▼

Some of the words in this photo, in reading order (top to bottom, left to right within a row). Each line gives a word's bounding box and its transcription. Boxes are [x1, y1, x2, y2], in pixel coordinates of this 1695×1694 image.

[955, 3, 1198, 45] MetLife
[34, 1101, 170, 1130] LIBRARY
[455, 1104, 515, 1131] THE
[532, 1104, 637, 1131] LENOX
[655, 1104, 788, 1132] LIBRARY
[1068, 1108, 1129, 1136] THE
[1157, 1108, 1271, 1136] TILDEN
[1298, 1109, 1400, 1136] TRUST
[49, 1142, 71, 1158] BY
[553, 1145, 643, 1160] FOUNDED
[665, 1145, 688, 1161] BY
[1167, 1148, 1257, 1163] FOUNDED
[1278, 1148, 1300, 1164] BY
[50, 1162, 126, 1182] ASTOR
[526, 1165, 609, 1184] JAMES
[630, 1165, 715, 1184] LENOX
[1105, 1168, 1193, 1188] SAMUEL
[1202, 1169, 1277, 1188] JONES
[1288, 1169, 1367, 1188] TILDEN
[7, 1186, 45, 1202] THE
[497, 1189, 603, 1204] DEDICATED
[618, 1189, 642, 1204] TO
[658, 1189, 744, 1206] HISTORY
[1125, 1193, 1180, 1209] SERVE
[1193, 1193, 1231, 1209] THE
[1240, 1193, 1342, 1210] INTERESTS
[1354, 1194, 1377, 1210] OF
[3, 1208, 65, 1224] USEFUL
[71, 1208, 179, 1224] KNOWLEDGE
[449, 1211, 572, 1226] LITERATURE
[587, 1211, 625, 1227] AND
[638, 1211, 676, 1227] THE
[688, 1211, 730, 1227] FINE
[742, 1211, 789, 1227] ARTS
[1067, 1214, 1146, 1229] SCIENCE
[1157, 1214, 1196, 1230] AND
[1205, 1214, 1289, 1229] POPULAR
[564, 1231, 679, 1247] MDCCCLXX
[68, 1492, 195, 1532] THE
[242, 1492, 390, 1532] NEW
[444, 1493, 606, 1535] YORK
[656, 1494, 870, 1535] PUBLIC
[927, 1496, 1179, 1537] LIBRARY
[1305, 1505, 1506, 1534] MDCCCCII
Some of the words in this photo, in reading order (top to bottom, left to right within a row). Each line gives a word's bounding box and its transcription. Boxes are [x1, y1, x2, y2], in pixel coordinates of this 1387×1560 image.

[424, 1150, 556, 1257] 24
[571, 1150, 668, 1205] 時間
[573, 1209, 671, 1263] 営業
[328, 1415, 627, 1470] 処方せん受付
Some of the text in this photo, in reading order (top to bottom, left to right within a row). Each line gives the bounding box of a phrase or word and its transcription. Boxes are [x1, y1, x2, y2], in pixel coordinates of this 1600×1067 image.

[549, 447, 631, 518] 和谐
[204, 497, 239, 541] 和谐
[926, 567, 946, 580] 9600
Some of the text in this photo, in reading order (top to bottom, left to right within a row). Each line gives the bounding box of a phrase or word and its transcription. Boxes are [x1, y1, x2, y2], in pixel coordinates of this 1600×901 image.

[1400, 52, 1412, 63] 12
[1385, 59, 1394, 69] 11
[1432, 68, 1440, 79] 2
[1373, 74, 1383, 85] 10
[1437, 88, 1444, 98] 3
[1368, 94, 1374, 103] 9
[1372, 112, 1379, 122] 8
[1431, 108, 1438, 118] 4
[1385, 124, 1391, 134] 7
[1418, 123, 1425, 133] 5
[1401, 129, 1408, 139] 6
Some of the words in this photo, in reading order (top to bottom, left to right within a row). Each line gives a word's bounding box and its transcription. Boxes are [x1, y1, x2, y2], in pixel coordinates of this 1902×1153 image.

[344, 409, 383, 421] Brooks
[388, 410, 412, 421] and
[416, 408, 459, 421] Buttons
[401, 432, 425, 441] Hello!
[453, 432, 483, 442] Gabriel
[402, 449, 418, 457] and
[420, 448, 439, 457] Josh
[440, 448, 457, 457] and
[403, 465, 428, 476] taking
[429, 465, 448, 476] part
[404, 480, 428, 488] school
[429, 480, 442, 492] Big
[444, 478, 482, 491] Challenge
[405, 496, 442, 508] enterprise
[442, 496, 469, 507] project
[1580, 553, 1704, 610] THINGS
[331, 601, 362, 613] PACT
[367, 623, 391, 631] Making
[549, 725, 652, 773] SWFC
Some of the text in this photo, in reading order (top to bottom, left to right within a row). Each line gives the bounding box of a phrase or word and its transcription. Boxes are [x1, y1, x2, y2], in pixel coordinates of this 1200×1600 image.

▲

_Activity:_
Copy down the material exactly as written.

_Answer to this exercise:_
Some of the words in this photo, in reading order (top to bottom, left to right within a row). Each line gives a word's bounding box and its transcription. Boxes are [x1, y1, x2, y2], in pixel coordinates of this 1695×1694 image.

[955, 3, 1198, 45] MetLife
[34, 1101, 170, 1130] LIBRARY
[455, 1104, 515, 1131] THE
[532, 1104, 637, 1131] LENOX
[655, 1104, 788, 1132] LIBRARY
[1068, 1108, 1129, 1136] THE
[1157, 1108, 1271, 1136] TILDEN
[1298, 1109, 1400, 1136] TRUST
[49, 1142, 71, 1158] BY
[553, 1145, 643, 1160] FOUNDED
[665, 1145, 688, 1161] BY
[1167, 1148, 1257, 1163] FOUNDED
[1278, 1148, 1300, 1164] BY
[50, 1162, 126, 1182] ASTOR
[526, 1165, 609, 1184] JAMES
[630, 1165, 715, 1184] LENOX
[1105, 1168, 1193, 1188] SAMUEL
[1202, 1169, 1277, 1188] JONES
[1288, 1169, 1367, 1188] TILDEN
[7, 1186, 45, 1202] THE
[497, 1189, 603, 1204] DEDICATED
[618, 1189, 642, 1204] TO
[658, 1189, 744, 1206] HISTORY
[1125, 1193, 1180, 1209] SERVE
[1193, 1193, 1231, 1209] THE
[1240, 1193, 1342, 1210] INTERESTS
[1354, 1194, 1377, 1210] OF
[3, 1208, 65, 1224] USEFUL
[71, 1208, 179, 1224] KNOWLEDGE
[449, 1211, 572, 1226] LITERATURE
[587, 1211, 625, 1227] AND
[638, 1211, 676, 1227] THE
[688, 1211, 730, 1227] FINE
[742, 1211, 789, 1227] ARTS
[1067, 1214, 1146, 1229] SCIENCE
[1157, 1214, 1196, 1230] AND
[1205, 1214, 1289, 1229] POPULAR
[564, 1231, 679, 1247] MDCCCLXX
[68, 1492, 195, 1532] THE
[242, 1492, 390, 1532] NEW
[444, 1493, 606, 1535] YORK
[656, 1494, 870, 1535] PUBLIC
[927, 1496, 1179, 1537] LIBRARY
[1305, 1505, 1506, 1534] MDCCCCII
Some of the words in this photo, in reading order (top to bottom, left to right within a row). Each line gives a word's bounding box and its transcription. Boxes are [x1, y1, x2, y2], in pixel coordinates of this 1387×1560 image.

[424, 1150, 556, 1257] 24
[571, 1150, 668, 1205] 時間
[573, 1209, 671, 1263] 営業
[328, 1415, 627, 1470] 処方せん受付
Some of the text in this photo, in reading order (top to bottom, left to right within a row). Each line gives the bounding box of a phrase or word and its transcription. Boxes are [x1, y1, x2, y2], in pixel coordinates of this 1600×1067 image.

[549, 447, 631, 518] 和谐
[204, 497, 239, 541] 和谐
[926, 567, 946, 580] 9600
Some of the text in this photo, in reading order (top to bottom, left to right within a row). Each line gives the bounding box of a phrase or word and its transcription. Boxes are [x1, y1, x2, y2], in pixel coordinates of this 1600×901 image.

[1400, 52, 1412, 63] 12
[1385, 59, 1394, 69] 11
[1432, 68, 1440, 79] 2
[1373, 74, 1383, 85] 10
[1437, 88, 1444, 98] 3
[1368, 94, 1374, 103] 9
[1372, 112, 1379, 122] 8
[1431, 108, 1438, 118] 4
[1385, 124, 1391, 134] 7
[1418, 123, 1425, 133] 5
[1401, 129, 1408, 139] 6
Some of the words in this photo, in reading order (top to bottom, left to right within a row). Each line gives a word's bounding box and its transcription. Boxes are [x1, y1, x2, y2], in pixel coordinates of this 1902×1153 image.

[344, 409, 383, 421] Brooks
[388, 410, 412, 421] and
[416, 408, 459, 421] Buttons
[401, 432, 425, 441] Hello!
[453, 432, 483, 442] Gabriel
[402, 449, 418, 457] and
[420, 448, 439, 457] Josh
[440, 448, 457, 457] and
[403, 465, 428, 476] taking
[429, 465, 448, 476] part
[404, 480, 428, 488] school
[429, 480, 442, 492] Big
[444, 478, 482, 491] Challenge
[405, 496, 442, 508] enterprise
[442, 496, 469, 507] project
[1580, 553, 1704, 610] THINGS
[331, 601, 362, 613] PACT
[367, 623, 391, 631] Making
[549, 725, 652, 773] SWFC
Some of the text in this photo, in reading order (top to bottom, left to right within a row). Each line gives the bounding box of a phrase or word and its transcription. Boxes are [x1, y1, x2, y2], in pixel coordinates of this 1200×1600 image.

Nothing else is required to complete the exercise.